### EXERCISE GOAL
Please write out the data exactly, line by line.

### RECORDS PROVIDED
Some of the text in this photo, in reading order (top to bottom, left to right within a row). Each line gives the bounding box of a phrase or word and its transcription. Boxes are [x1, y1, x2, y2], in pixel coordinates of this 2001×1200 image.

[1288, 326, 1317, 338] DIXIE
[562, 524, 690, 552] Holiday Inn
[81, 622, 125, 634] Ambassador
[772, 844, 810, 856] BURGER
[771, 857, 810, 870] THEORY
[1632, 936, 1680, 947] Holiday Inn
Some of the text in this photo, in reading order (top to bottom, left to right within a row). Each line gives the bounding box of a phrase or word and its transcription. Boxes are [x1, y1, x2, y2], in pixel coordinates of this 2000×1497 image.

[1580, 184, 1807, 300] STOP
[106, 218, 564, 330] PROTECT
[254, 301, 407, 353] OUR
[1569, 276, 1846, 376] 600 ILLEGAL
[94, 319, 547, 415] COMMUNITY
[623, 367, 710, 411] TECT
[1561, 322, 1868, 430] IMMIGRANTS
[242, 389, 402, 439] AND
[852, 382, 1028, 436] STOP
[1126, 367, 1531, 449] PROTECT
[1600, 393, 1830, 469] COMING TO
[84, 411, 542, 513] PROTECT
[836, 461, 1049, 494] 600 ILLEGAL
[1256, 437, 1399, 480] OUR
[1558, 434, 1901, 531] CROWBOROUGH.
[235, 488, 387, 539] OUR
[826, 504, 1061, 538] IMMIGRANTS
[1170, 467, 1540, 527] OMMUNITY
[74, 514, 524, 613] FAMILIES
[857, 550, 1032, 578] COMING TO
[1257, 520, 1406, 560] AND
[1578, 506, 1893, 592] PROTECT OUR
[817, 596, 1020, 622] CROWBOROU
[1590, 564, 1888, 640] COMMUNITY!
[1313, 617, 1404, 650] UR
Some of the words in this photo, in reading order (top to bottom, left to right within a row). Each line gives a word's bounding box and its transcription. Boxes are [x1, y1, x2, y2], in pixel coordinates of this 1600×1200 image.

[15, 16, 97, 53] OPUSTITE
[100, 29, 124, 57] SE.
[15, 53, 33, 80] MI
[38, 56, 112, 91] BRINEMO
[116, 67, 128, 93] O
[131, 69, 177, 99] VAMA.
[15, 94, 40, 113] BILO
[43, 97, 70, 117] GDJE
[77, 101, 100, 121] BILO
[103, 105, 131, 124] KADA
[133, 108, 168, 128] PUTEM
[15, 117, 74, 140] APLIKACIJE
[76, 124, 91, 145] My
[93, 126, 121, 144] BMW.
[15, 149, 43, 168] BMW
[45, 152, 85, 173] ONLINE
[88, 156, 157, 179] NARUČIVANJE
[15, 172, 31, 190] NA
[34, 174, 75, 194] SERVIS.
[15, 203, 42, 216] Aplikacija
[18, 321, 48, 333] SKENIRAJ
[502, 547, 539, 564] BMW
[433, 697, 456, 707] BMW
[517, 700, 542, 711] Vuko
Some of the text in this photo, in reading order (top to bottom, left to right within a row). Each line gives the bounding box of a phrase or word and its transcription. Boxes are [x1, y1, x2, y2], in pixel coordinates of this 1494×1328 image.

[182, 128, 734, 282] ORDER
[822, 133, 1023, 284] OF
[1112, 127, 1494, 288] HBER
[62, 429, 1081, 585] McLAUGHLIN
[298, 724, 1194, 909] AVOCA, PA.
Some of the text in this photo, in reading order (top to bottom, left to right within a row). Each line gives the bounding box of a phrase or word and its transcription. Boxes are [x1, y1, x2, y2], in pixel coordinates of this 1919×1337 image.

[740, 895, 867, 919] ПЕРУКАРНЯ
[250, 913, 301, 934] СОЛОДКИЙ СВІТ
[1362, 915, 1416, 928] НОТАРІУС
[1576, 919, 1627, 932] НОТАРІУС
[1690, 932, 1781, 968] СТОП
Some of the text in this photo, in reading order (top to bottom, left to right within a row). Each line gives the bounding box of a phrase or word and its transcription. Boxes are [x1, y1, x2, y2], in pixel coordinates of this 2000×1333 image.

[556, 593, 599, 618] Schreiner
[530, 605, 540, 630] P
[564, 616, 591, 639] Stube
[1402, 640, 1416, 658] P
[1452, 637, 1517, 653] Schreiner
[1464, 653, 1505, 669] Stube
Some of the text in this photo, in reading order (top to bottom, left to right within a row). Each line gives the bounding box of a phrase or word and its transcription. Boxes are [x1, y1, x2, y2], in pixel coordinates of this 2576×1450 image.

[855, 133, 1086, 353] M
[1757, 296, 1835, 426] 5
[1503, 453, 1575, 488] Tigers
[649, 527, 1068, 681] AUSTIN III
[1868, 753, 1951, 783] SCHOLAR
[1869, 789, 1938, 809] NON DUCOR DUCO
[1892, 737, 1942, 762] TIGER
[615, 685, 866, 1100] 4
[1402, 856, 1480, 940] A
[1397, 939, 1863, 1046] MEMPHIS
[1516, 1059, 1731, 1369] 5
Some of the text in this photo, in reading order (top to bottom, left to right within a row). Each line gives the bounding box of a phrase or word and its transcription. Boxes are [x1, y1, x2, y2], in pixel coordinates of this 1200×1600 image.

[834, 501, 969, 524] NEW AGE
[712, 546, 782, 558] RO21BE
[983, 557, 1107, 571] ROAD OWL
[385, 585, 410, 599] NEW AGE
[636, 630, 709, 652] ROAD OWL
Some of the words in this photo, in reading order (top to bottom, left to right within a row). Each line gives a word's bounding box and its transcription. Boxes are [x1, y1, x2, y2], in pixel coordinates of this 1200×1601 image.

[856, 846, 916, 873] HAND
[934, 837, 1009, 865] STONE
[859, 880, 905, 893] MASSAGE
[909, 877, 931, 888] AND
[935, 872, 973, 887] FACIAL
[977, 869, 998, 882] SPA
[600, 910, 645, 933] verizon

### TASK RESPONSE
Some of the text in this photo, in reading order (top to bottom, left to right within a row). Each line gives the bounding box of a phrase or word and its transcription. Boxes are [x1, y1, x2, y2], in pixel coordinates of this 2001×1200 image.

[1288, 326, 1317, 338] DIXIE
[562, 524, 690, 552] Holiday Inn
[81, 622, 125, 634] Ambassador
[772, 844, 810, 856] BURGER
[771, 857, 810, 870] THEORY
[1632, 936, 1680, 947] Holiday Inn
Some of the text in this photo, in reading order (top to bottom, left to right within a row). Each line gives the bounding box of a phrase or word and its transcription. Boxes are [x1, y1, x2, y2], in pixel coordinates of this 2000×1497 image.

[1580, 184, 1807, 300] STOP
[106, 218, 564, 330] PROTECT
[254, 301, 407, 353] OUR
[1569, 276, 1846, 376] 600 ILLEGAL
[94, 319, 547, 415] COMMUNITY
[623, 367, 710, 411] TECT
[1561, 322, 1868, 430] IMMIGRANTS
[242, 389, 402, 439] AND
[852, 382, 1028, 436] STOP
[1126, 367, 1531, 449] PROTECT
[1600, 393, 1830, 469] COMING TO
[84, 411, 542, 513] PROTECT
[836, 461, 1049, 494] 600 ILLEGAL
[1256, 437, 1399, 480] OUR
[1558, 434, 1901, 531] CROWBOROUGH.
[235, 488, 387, 539] OUR
[826, 504, 1061, 538] IMMIGRANTS
[1170, 467, 1540, 527] OMMUNITY
[74, 514, 524, 613] FAMILIES
[857, 550, 1032, 578] COMING TO
[1257, 520, 1406, 560] AND
[1578, 506, 1893, 592] PROTECT OUR
[817, 596, 1020, 622] CROWBOROU
[1590, 564, 1888, 640] COMMUNITY!
[1313, 617, 1404, 650] UR
Some of the words in this photo, in reading order (top to bottom, left to right within a row). Each line gives a word's bounding box and its transcription. Boxes are [x1, y1, x2, y2], in pixel coordinates of this 1600×1200 image.

[15, 16, 97, 53] OPUSTITE
[100, 29, 124, 57] SE.
[15, 53, 33, 80] MI
[38, 56, 112, 91] BRINEMO
[116, 67, 128, 93] O
[131, 69, 177, 99] VAMA.
[15, 94, 40, 113] BILO
[43, 97, 70, 117] GDJE
[77, 101, 100, 121] BILO
[103, 105, 131, 124] KADA
[133, 108, 168, 128] PUTEM
[15, 117, 74, 140] APLIKACIJE
[76, 124, 91, 145] My
[93, 126, 121, 144] BMW.
[15, 149, 43, 168] BMW
[45, 152, 85, 173] ONLINE
[88, 156, 157, 179] NARUČIVANJE
[15, 172, 31, 190] NA
[34, 174, 75, 194] SERVIS.
[15, 203, 42, 216] Aplikacija
[18, 321, 48, 333] SKENIRAJ
[502, 547, 539, 564] BMW
[433, 697, 456, 707] BMW
[517, 700, 542, 711] Vuko
Some of the text in this photo, in reading order (top to bottom, left to right within a row). Each line gives the bounding box of a phrase or word and its transcription. Boxes are [x1, y1, x2, y2], in pixel coordinates of this 1494×1328 image.

[182, 128, 734, 282] ORDER
[822, 133, 1023, 284] OF
[1112, 127, 1494, 288] HBER
[62, 429, 1081, 585] McLAUGHLIN
[298, 724, 1194, 909] AVOCA, PA.
Some of the text in this photo, in reading order (top to bottom, left to right within a row). Each line gives the bounding box of a phrase or word and its transcription. Boxes are [x1, y1, x2, y2], in pixel coordinates of this 1919×1337 image.

[740, 895, 867, 919] ПЕРУКАРНЯ
[250, 913, 301, 934] СОЛОДКИЙ СВІТ
[1362, 915, 1416, 928] НОТАРІУС
[1576, 919, 1627, 932] НОТАРІУС
[1690, 932, 1781, 968] СТОП
Some of the text in this photo, in reading order (top to bottom, left to right within a row). Each line gives the bounding box of a phrase or word and its transcription. Boxes are [x1, y1, x2, y2], in pixel coordinates of this 2000×1333 image.

[556, 593, 599, 618] Schreiner
[530, 605, 540, 630] P
[564, 616, 591, 639] Stube
[1402, 640, 1416, 658] P
[1452, 637, 1517, 653] Schreiner
[1464, 653, 1505, 669] Stube
Some of the text in this photo, in reading order (top to bottom, left to right within a row). Each line gives the bounding box of a phrase or word and its transcription. Boxes are [x1, y1, x2, y2], in pixel coordinates of this 2576×1450 image.

[855, 133, 1086, 353] M
[1757, 296, 1835, 426] 5
[1503, 453, 1575, 488] Tigers
[649, 527, 1068, 681] AUSTIN III
[1868, 753, 1951, 783] SCHOLAR
[1869, 789, 1938, 809] NON DUCOR DUCO
[1892, 737, 1942, 762] TIGER
[615, 685, 866, 1100] 4
[1402, 856, 1480, 940] A
[1397, 939, 1863, 1046] MEMPHIS
[1516, 1059, 1731, 1369] 5
Some of the text in this photo, in reading order (top to bottom, left to right within a row). Each line gives the bounding box of a phrase or word and its transcription. Boxes are [x1, y1, x2, y2], in pixel coordinates of this 1200×1600 image.

[834, 501, 969, 524] NEW AGE
[712, 546, 782, 558] RO21BE
[983, 557, 1107, 571] ROAD OWL
[385, 585, 410, 599] NEW AGE
[636, 630, 709, 652] ROAD OWL
Some of the words in this photo, in reading order (top to bottom, left to right within a row). Each line gives a word's bounding box and its transcription. Boxes are [x1, y1, x2, y2], in pixel coordinates of this 1200×1601 image.

[856, 846, 916, 873] HAND
[934, 837, 1009, 865] STONE
[859, 880, 905, 893] MASSAGE
[909, 877, 931, 888] AND
[935, 872, 973, 887] FACIAL
[977, 869, 998, 882] SPA
[600, 910, 645, 933] verizon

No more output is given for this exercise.